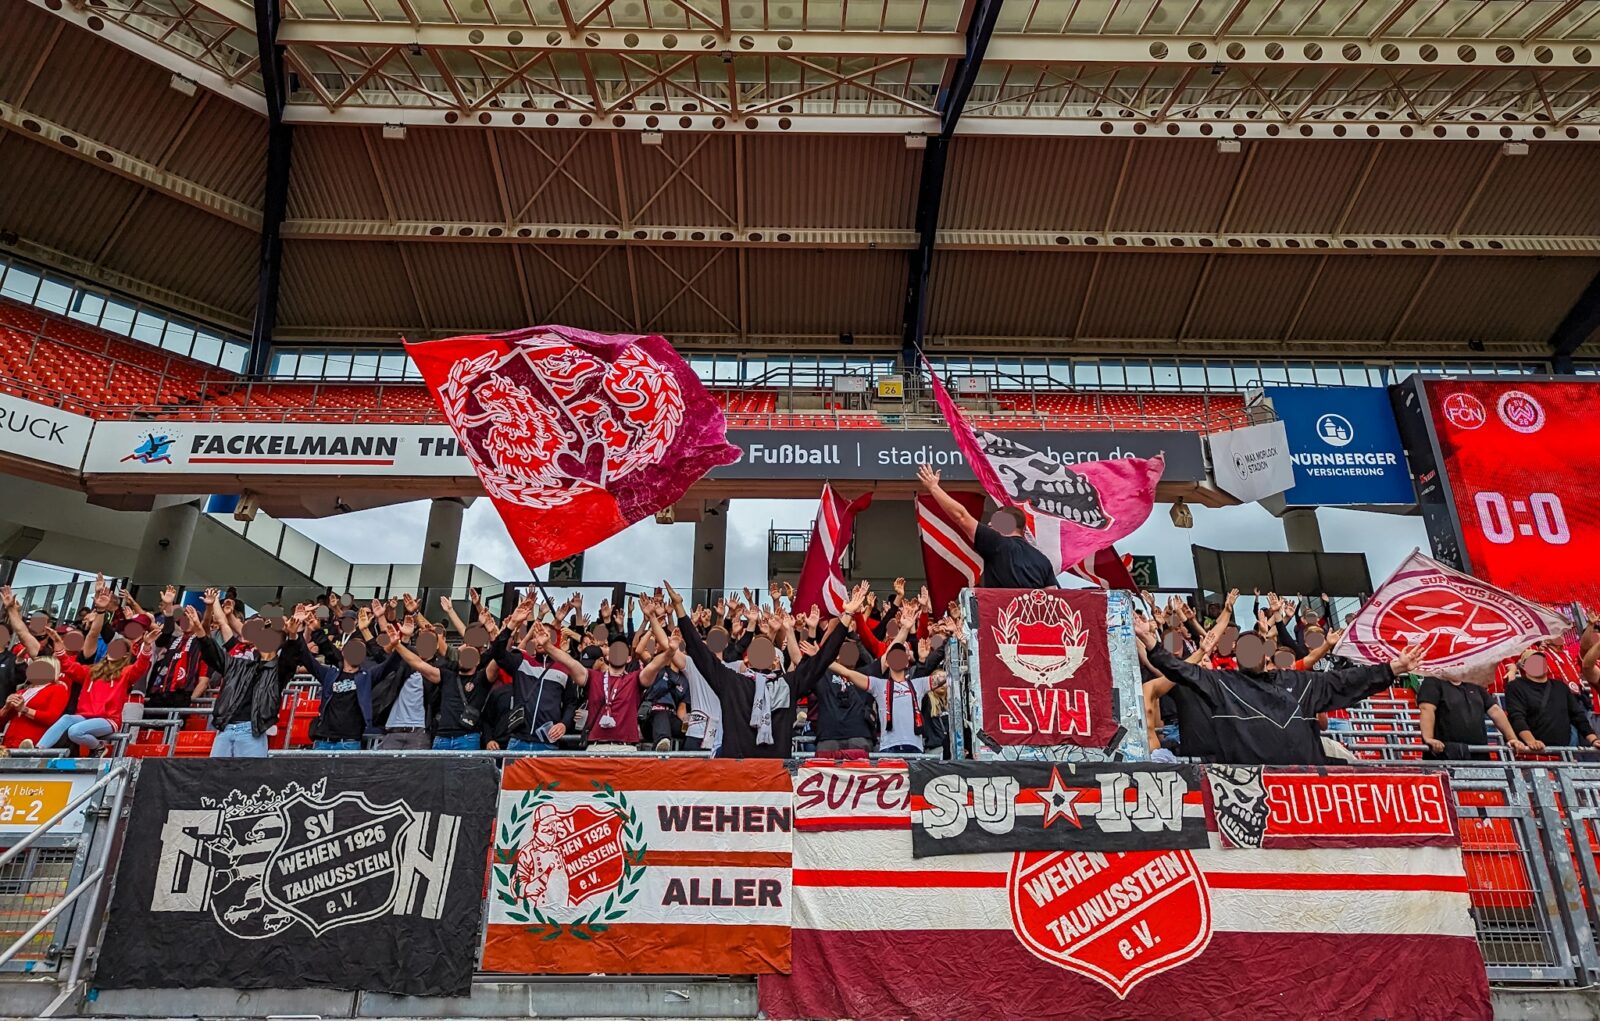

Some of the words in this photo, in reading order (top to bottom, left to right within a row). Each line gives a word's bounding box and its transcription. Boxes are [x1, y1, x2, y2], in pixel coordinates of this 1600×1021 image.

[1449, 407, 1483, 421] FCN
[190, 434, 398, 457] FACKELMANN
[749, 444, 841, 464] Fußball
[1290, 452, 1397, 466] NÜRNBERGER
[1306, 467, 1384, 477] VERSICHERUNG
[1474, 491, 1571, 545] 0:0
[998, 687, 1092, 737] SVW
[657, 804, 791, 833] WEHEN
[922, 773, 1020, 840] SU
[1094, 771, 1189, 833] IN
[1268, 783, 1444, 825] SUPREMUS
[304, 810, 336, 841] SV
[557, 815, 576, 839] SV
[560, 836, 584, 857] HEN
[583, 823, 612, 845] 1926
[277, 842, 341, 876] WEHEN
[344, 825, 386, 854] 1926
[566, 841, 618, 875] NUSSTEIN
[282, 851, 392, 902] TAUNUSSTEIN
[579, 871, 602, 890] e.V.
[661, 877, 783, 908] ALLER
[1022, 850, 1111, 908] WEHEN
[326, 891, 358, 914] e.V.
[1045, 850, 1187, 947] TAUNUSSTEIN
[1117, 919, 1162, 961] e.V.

- **EXERCISE INSTRUCTIONS**
Could you retype the records above exactly, omitting the pictures?

- **ANSWER TO THE PROBLEM**
Some of the words in this photo, in reading order (top to bottom, left to right within a row). Each line gives a word's bounding box and its transcription. Boxes are [x1, y1, x2, y2], in pixel coordinates of this 1600×1021 image.

[1449, 407, 1483, 421] FCN
[190, 434, 398, 457] FACKELMANN
[749, 444, 841, 464] Fußball
[1290, 452, 1397, 466] NÜRNBERGER
[1306, 467, 1384, 477] VERSICHERUNG
[1474, 491, 1571, 545] 0:0
[998, 687, 1092, 737] SVW
[657, 804, 791, 833] WEHEN
[922, 773, 1020, 840] SU
[1094, 771, 1189, 833] IN
[1268, 783, 1444, 825] SUPREMUS
[304, 810, 336, 841] SV
[557, 815, 576, 839] SV
[560, 836, 584, 857] HEN
[583, 823, 612, 845] 1926
[277, 842, 341, 876] WEHEN
[344, 825, 386, 854] 1926
[566, 841, 618, 875] NUSSTEIN
[282, 851, 392, 902] TAUNUSSTEIN
[579, 871, 602, 890] e.V.
[661, 877, 783, 908] ALLER
[1022, 850, 1111, 908] WEHEN
[326, 891, 358, 914] e.V.
[1045, 850, 1187, 947] TAUNUSSTEIN
[1117, 919, 1162, 961] e.V.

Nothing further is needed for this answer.